Recuerdo haber leído la historia de una mujer refugiada que escapó del caos de su país con sus tres hijos. Las pertenencias de los cuatro cabían en una pequeña mochila, que ella cargaba en su espalda. Mientras viajaban a pie, a merced de los traficantes, un hombre vino y robó los pasaportes de todos. Si no podían comprobar su identidad, no podrían cruzar la frontera. La madre oró, desesperada. Milagrosamente, pudieron recuperar sus pasaportes y llegar a destino a salvo.
Satanás usa la misma técnica que los traficantes. Él sabe que si puede robarnos la identidad nunca llegaremos a destino. Sin embargo, la Biblia es nuestro pasaporte y declara claramente quiénes somos: somos hijas de Dios (Juan 1:12). Fuimos compradas por un gran precio y le pertenecemos a él (1 Cor. 6:19, 20). Somos miembros del cuerpo de Cristo (12:27). Fuimos escogidas y adoptadas como hijas de Dios (Efe. 1:3-8). Fuimos redimidas y perdonadas de todos nuestros pecados (Col. 1:13, 14). Somos libres de toda condenación y nada puede separarnos del amor de Dios (Rom. 8:31-39). Estamos escondidas con Cristo en Dios (Col. 3:1-4). Dios completará la obra que comenzó en nosotras (Fil. 1:6). Somos nacidas de Dios y el enemigo no puede tocarnos (1 Juan 5:18). Somos una rama de Cristo Jesús, la Vid verdadera, y su amor fluye a través de nosotras (Juan 15:5). Fuimos escogidas para dar buenos frutos (Juan 15:16). Somos el templo de Dios (1 Cor. 3:16). ¡Esta es nuestra verdadera identidad! Esto es lo que Dios dice cuando habla acerca de nosotras. Si aceptamos cualquier otro discurso, estamos adoptando una identidad falsa.
Los pasaportes de todos los países tienen un párrafo en las primeras páginas en el que se pide, en nombre del gobierno de la nación, que se permita al portador pasar libremente y que se le brinde toda la asistencia y protección necesarias. Mi pasaporte inglés pide esto en nombre de Su Majestad, la reina Isabel II del Reino Unido. Cuando aceptamos la identidad que Dios nos da, tal y como la describe nuestro pasaporte, recibimos acceso, asistencia y protección, en nombre del Rey de reyes y Señor de señores. ¡No permitas que nadie te robe tu identidad!

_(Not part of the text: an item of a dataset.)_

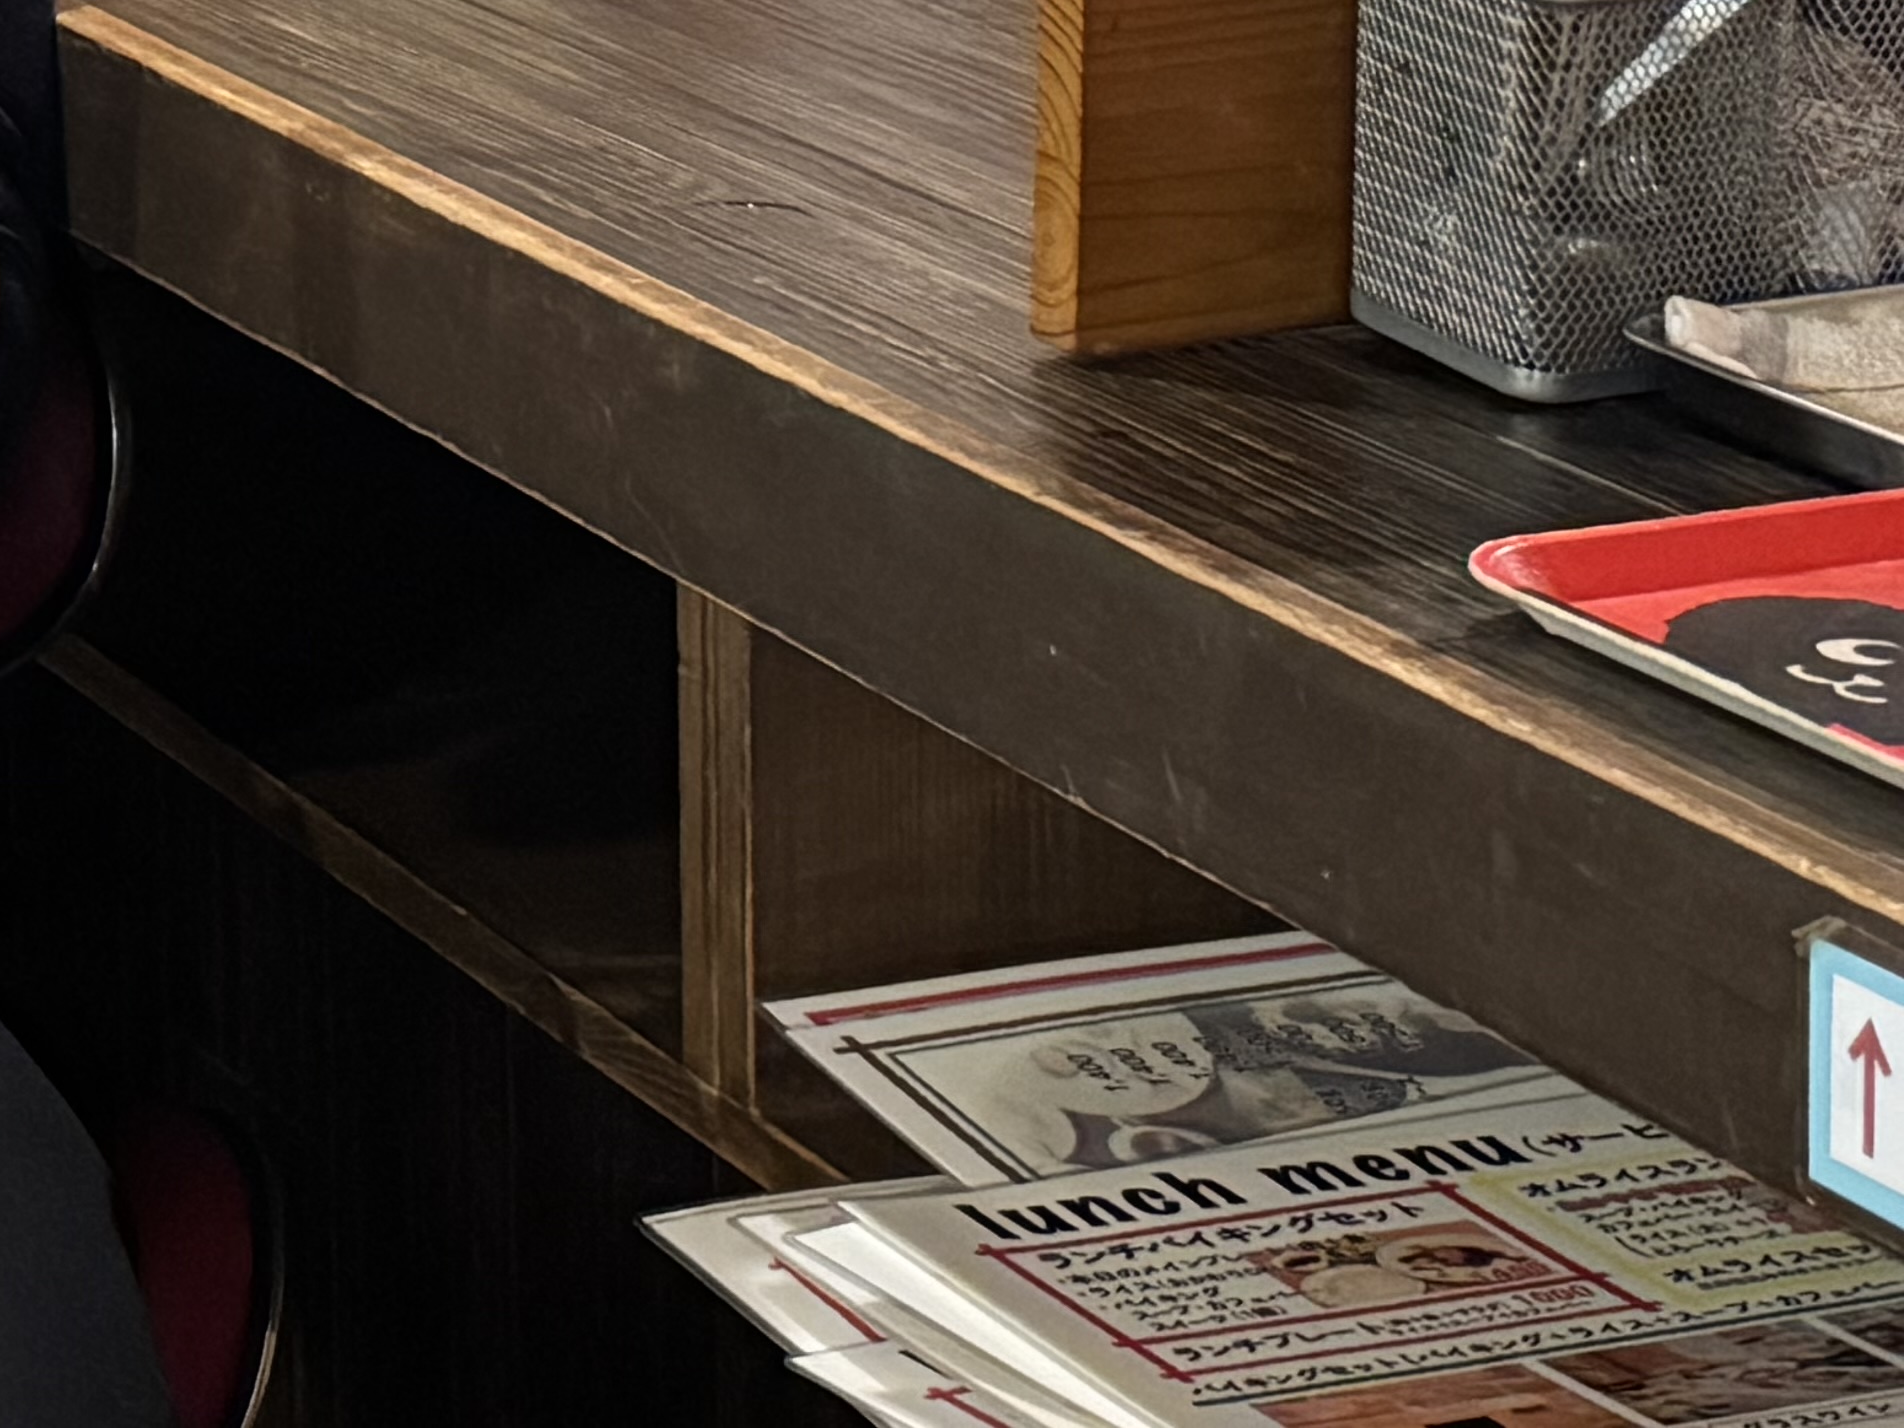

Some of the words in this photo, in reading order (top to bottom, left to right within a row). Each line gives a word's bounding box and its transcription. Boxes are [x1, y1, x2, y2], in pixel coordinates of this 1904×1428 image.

[952, 1170, 1248, 1241] lunch
[1257, 1133, 1533, 1196] menu
[1038, 1200, 1425, 1269] ランチバイキングセット

Señor, hoy recibo mi identidad. Acepto ser quien tú dices que soy como la única verdad. Soy tu hija amada y escogida. Mi vida tiene sentido y propósito. Nada ni nadie puede arrancarme de tu mano.
20 de enero
¡Fuerte!
“Gobernaba en aquel tiempo a Israel una mujer, Débora, profetisa, mujer de Lapidot” (Juec. 4:4).
Cuando piensas en lo que significa ser una mujer cristiana, ¿qué palabras vienen a tu mente? Sabia, cortés, trabajadora, buena hija/esposa/madre, sumisa… ¿Y fuerte? ¿Consideras que para ser una verdadera seguidora de Cristo debes ser fuerte? En su artículo “Lisa Bevere on Why the Church Must Stop Undermining the Strength of Women”, la escritora estadounidense comenta: “Por alguna razón, pareciera que, en la comunidad cristiana, a las mujeres se les envía el mensaje de que ser fuertes está mal. La fuerza está mal. Ser fuertes es ser ambiciosas. Ser fuertes es algo que las mujeres cristianas no somos. Somos dulces y calladas”. Esta imagen de feminidad cristiana, sin embargo, no es realmente bíblica.
Tan solo doscientos años después de que Josué guiara al pueblo de Israel a tomar posesión de la Tierra Prometida, los israelitas se olvidaron de Jehová y comenzaron a adorar a los ídolos cananeos. En ese contexto de idolatría y opresión, Dios llamó a una mujer para guiar a su pueblo: Débora. Y Dios le dio una misión doble: como profetisa y como jueza. En A Prophet Among You [Un profeta entre vosotros], T. Housel Jemison comenta: “Débora sirvió en un cargo prominente, ya que hombres y mujeres venían de muchas partes de Israel para consultarle acerca de sus problemas y obtener un juicio. Su reputación no estaba fundada solamente en el hecho de que emitía un buen juicio, sino que era reconocida por todos como profetisa del Señor”. Estoy absolutamente convencida de que Débora no podría haber cumplido con su misión sin fortaleza. Débora se sentaba bajo su palmera a juzgar al pueblo. Cuando los israelitas le traían sus disputas y querellas, ella las resolvía con justicia, sabiduría y gran fortaleza de carácter.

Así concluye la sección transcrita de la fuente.